Core Concepts
This study introduces Octopus, a novel framework that leverages on-device large language models to enhance the accuracy and efficiency of software API interactions, outperforming GPT-4 in this domain.
Abstract
This study presents a framework called Octopus that aims to improve the integration of large language models (LLMs) with software APIs. The key highlights are:
Dataset Compilation:
The researchers compiled a comprehensive dataset of over 30,000 widely-used APIs from the Rapid API Hub.
They employed a rigorous data refinement process, including negative sampling, similar function clustering, and GPT-4 verification, to create a high-quality training dataset.
Model Development:
The researchers fine-tuned several base models, including Codellama7b, Google's Gemma 7B & 2B, and Stable Code 3B, on the curated dataset.
They introduced a conditional masking technique during inference to ensure the generated outputs adhere to the desired format, improving accuracy without sacrificing inference speed.
Evaluation and Benchmarking:
The researchers conducted a comprehensive evaluation of the Octopus model against GPT-3.5 and GPT-4 on a custom benchmark dataset.

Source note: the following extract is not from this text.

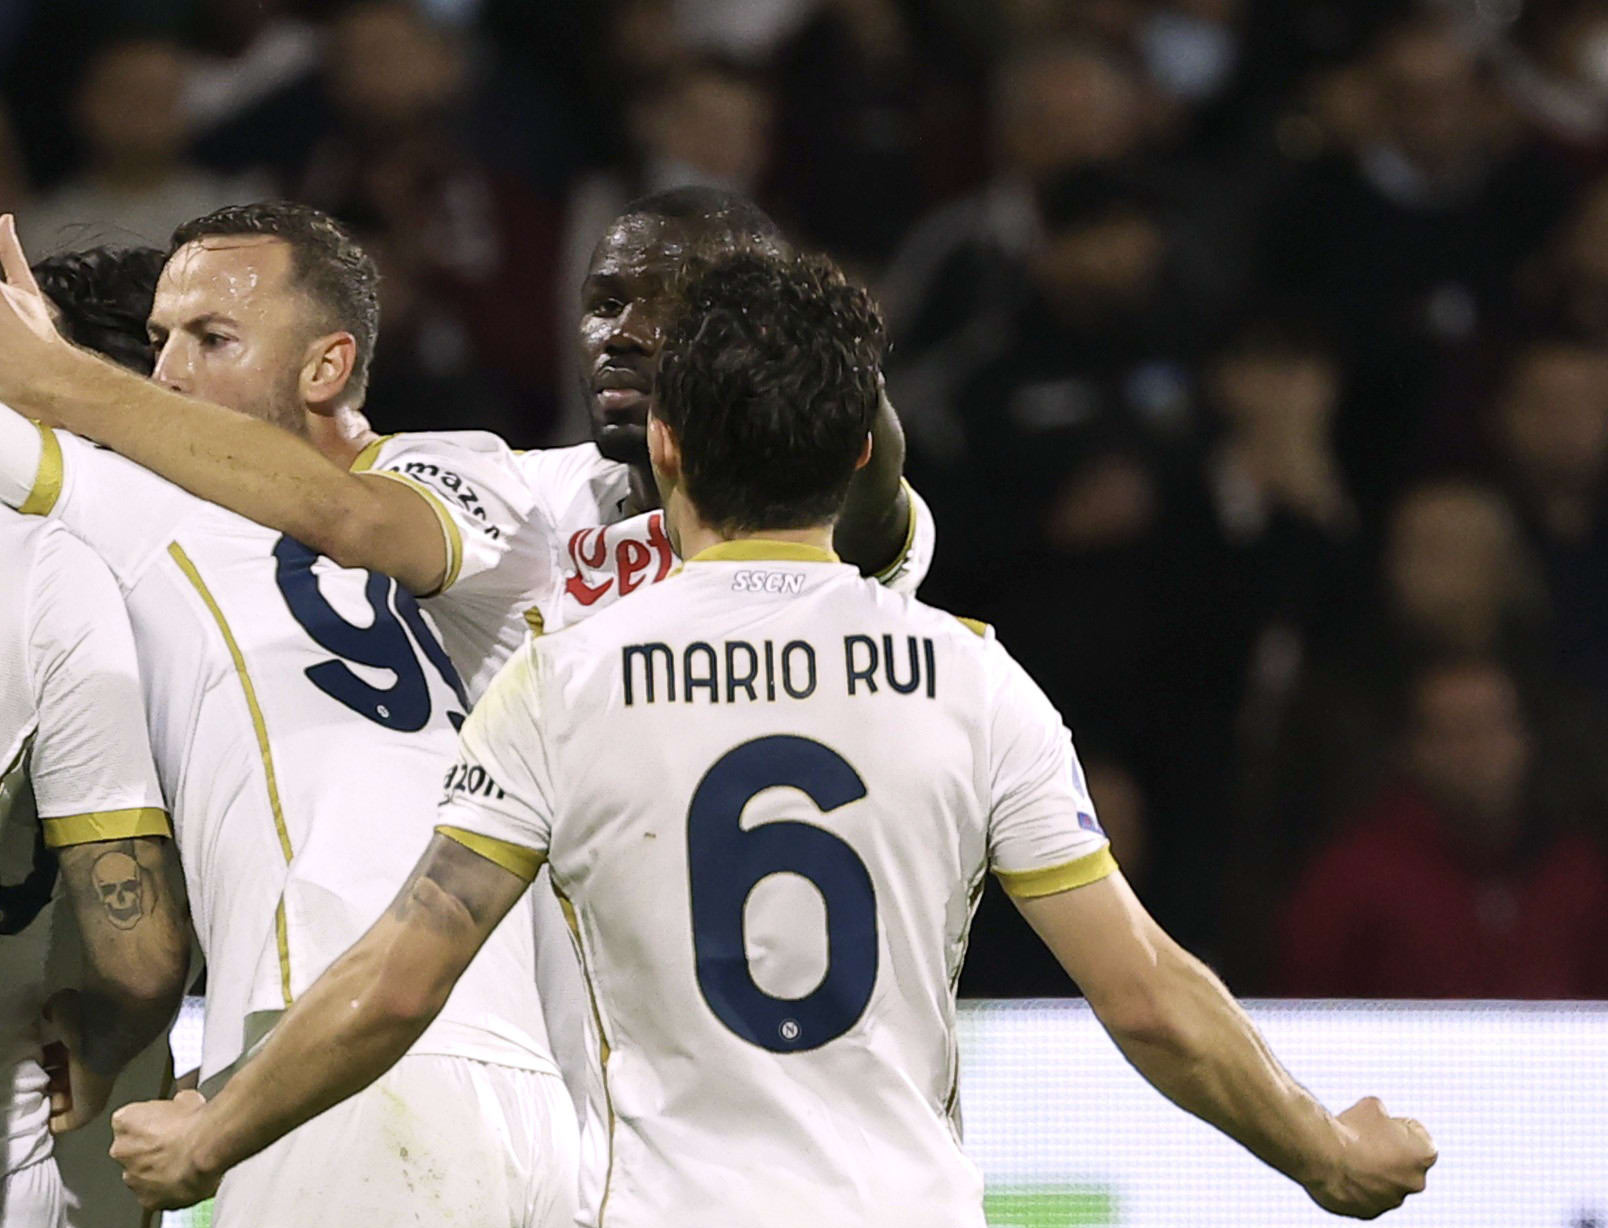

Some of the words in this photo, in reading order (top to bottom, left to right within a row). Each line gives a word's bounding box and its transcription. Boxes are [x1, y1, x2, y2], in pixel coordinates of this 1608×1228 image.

[731, 570, 807, 596] SSCN
[621, 635, 818, 707] MARIO
[844, 635, 937, 700] RUI
[684, 733, 880, 1055] 6

The results show that the Octopus models, particularly the 7B variants, outperform GPT-4 in accurately identifying and calling the appropriate API functions.

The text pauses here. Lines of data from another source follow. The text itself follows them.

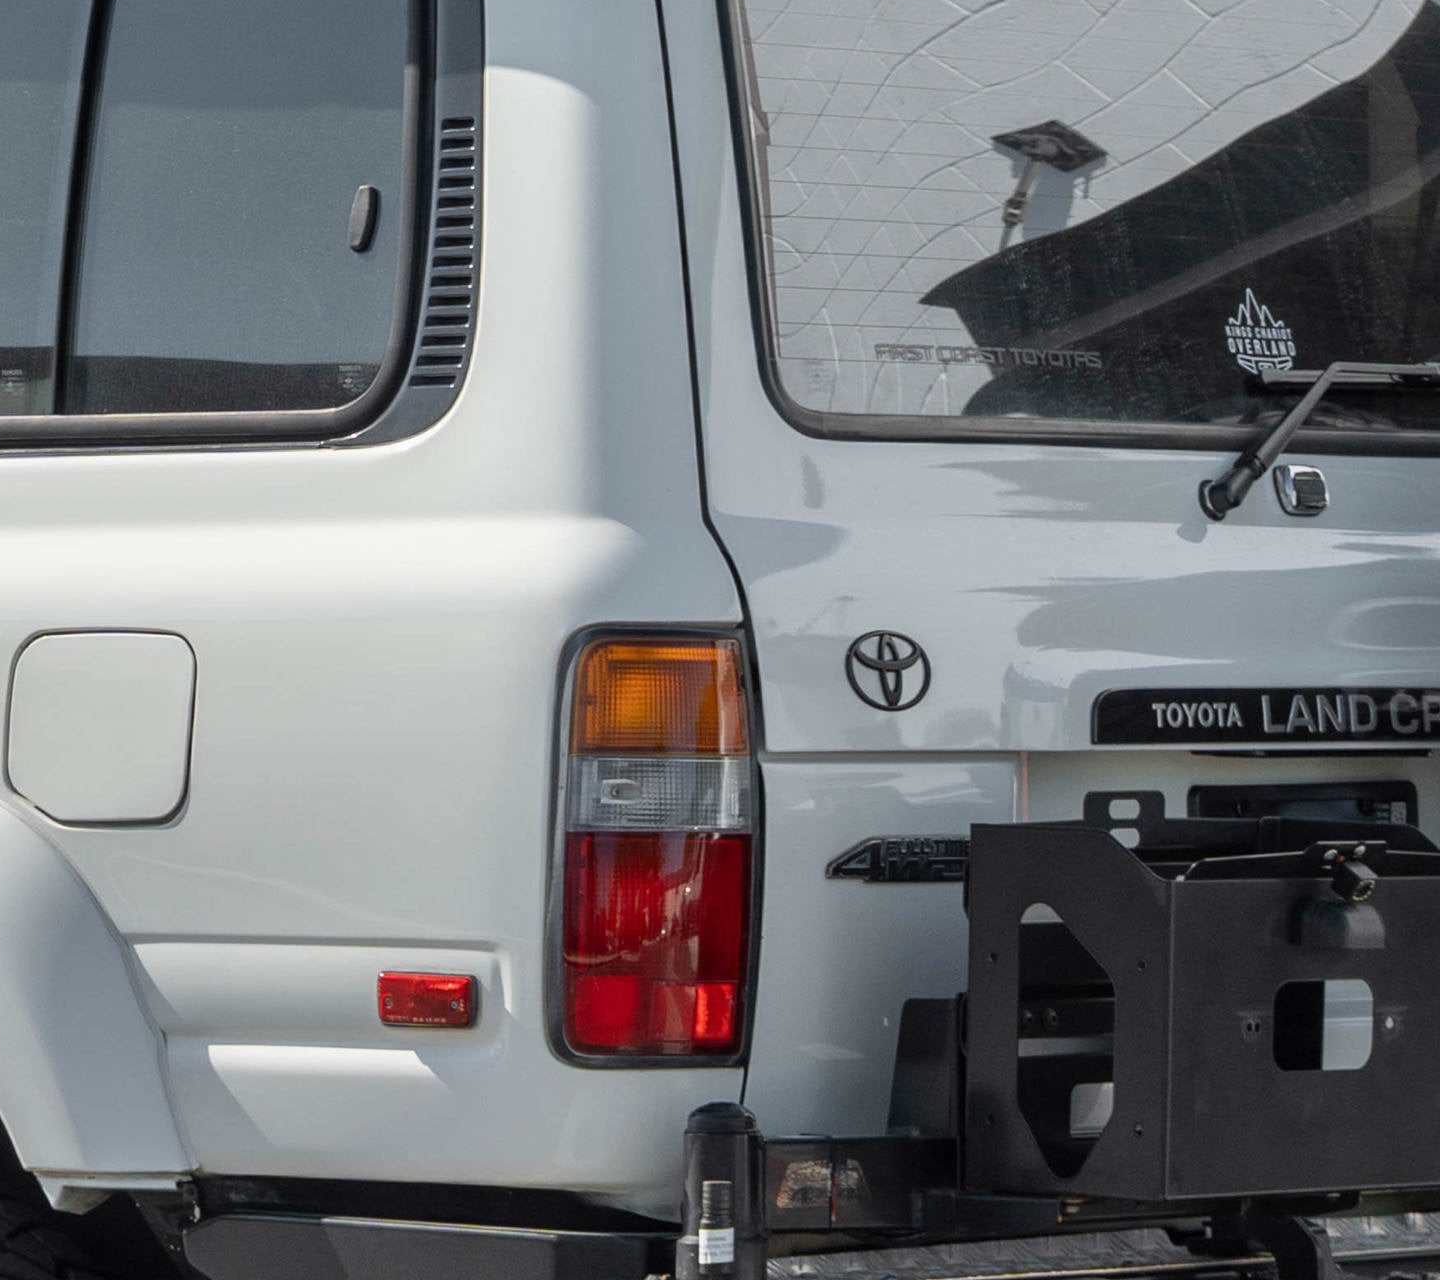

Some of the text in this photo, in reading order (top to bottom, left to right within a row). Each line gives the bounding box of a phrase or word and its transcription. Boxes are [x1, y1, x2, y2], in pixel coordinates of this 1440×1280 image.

[1225, 325, 1293, 340] KINGS CHARIOT
[874, 343, 1103, 369] FIRST COAST TOYOTAS
[1227, 338, 1296, 357] OVERLAND
[1152, 702, 1244, 729] TOYOTA
[1261, 693, 1379, 735] LAND

The study highlights the potential of compact LLMs in enhancing software development and API integration, setting a new efficiency benchmark for scalable AI applications.
Stats
The researchers compiled a dataset of over 30,000 widely-used APIs from the Rapid API Hub.
Quotes
"This advancement, validated across our selected base models, not only showcases the potential of compact LLMs in external API integration but also sets a new efficiency benchmark for scalable AI applications."
"To ensure the consistency of our model's output formatting, we introduce a conditional masking technique during inference. This innovative approach guarantees that our LLMs generate outputs in the desired formats, markedly improving accuracy and minimize validation loss without sacrificing inference speed."